Writing of Writing and Thinking of Thinking: Beat The System

False theories and knowledge just go together. This sentiment is bound to surprise many, especially coming from the e-pen of a Christian, since people know them to be on about "objective truth" more often than not.

A simple distinction or two can help a great deal here. There is a very important difference between the way you go about learning something (let us call it some truth "X") and how one might go about justifying the alleged truth of X.

I have suggested (and maintain incorrigibly) that one might learn the truth of X from several different possible methods. A few scientists even came up with some of their more interesting theories from dreams they had, some quite frightening. James Clerk Maxwell did this. Ernst Mach pulled some fairly interesting stunts to come up with theories too. He was a scientific anti-realist and didn't care. But Christians acknowledge only one way in which a person may ultimately justify the truth of any claim, including our pet view called "X."

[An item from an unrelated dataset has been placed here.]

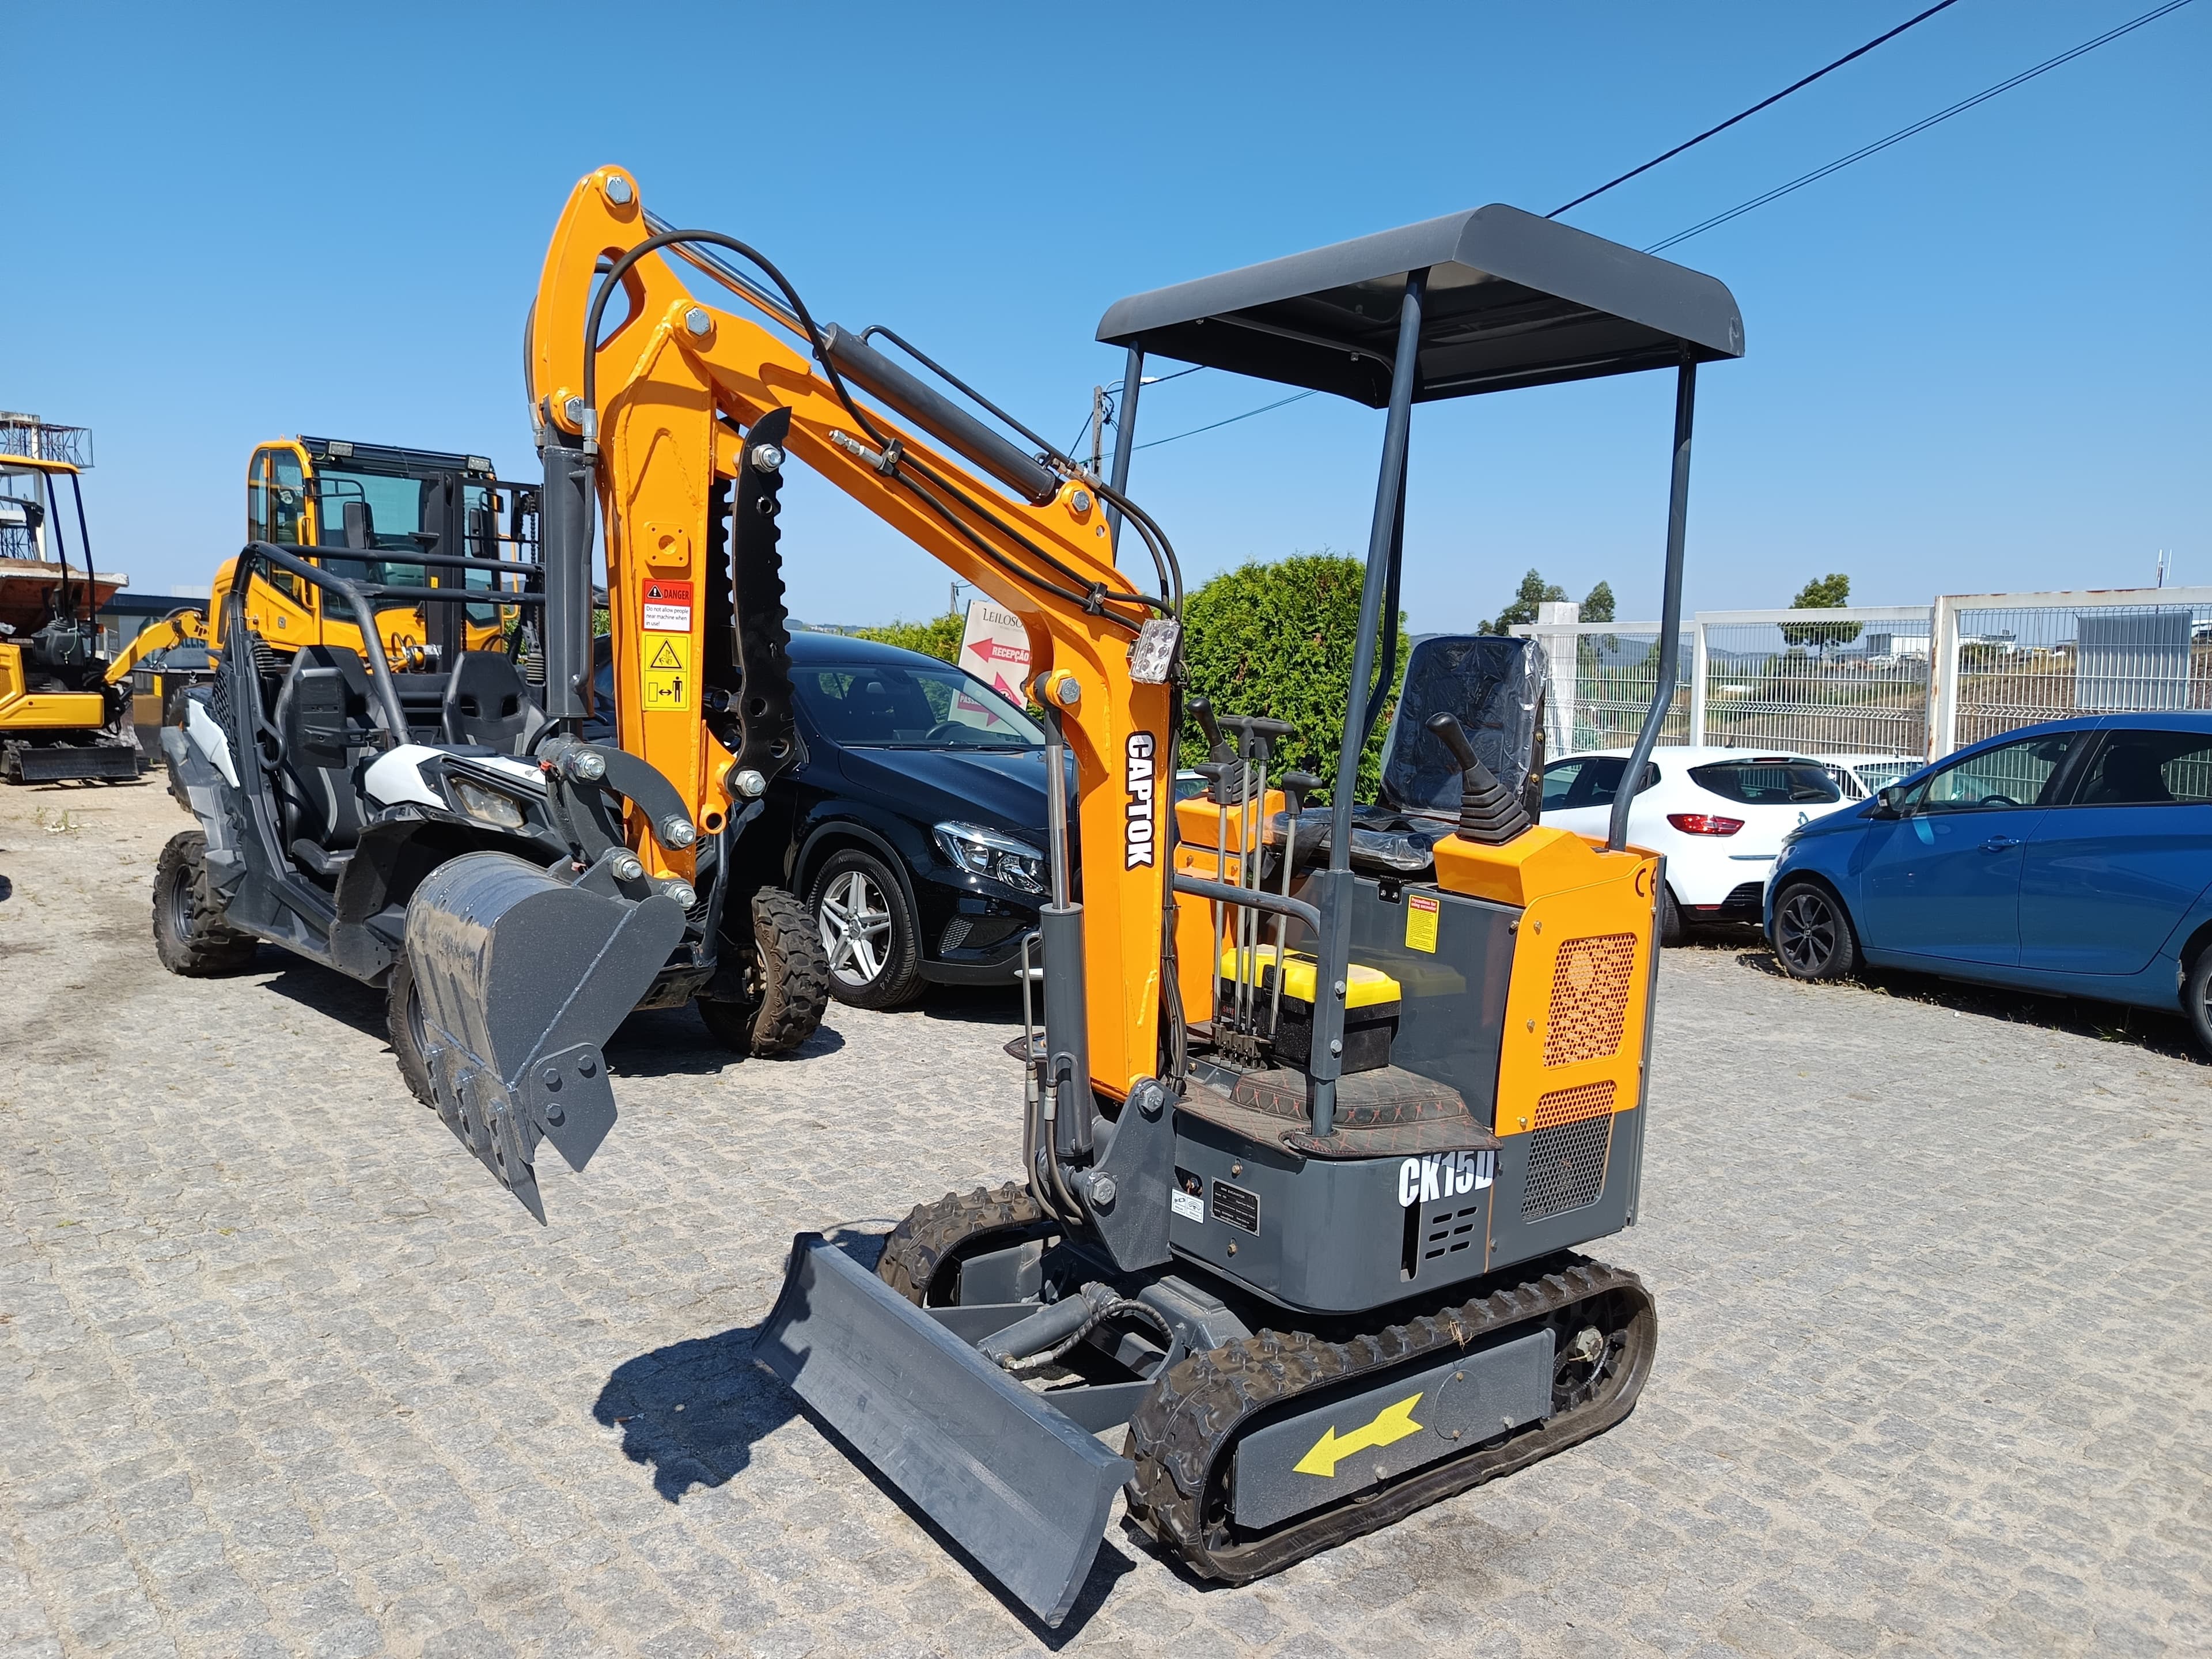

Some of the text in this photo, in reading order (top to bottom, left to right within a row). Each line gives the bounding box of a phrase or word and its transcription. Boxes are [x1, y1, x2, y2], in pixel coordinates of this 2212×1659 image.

[664, 589, 690, 600] DANGER
[992, 646, 1029, 662] RECEPÇÃO
[1127, 733, 1153, 868] CAPTOK

So the claim "I learned the truth of X by doing Y" is not at all interchangeable with the claim that " I justify X on the basis of Y." This has great importance for questions of how we learn what our Bible teach, and how we justify what we learn by whatever means we so learn.

For example, one might learn the Bible truth that "There is but one God, and one mediator between God and man, the Man Christ Jesus" by being taught this in a catechism class by ones parents, or he might simply stumble across 1 Timothy's passage cited above, or he might hear a minister quote it during a sermon, and proceed to expound upon its meaning.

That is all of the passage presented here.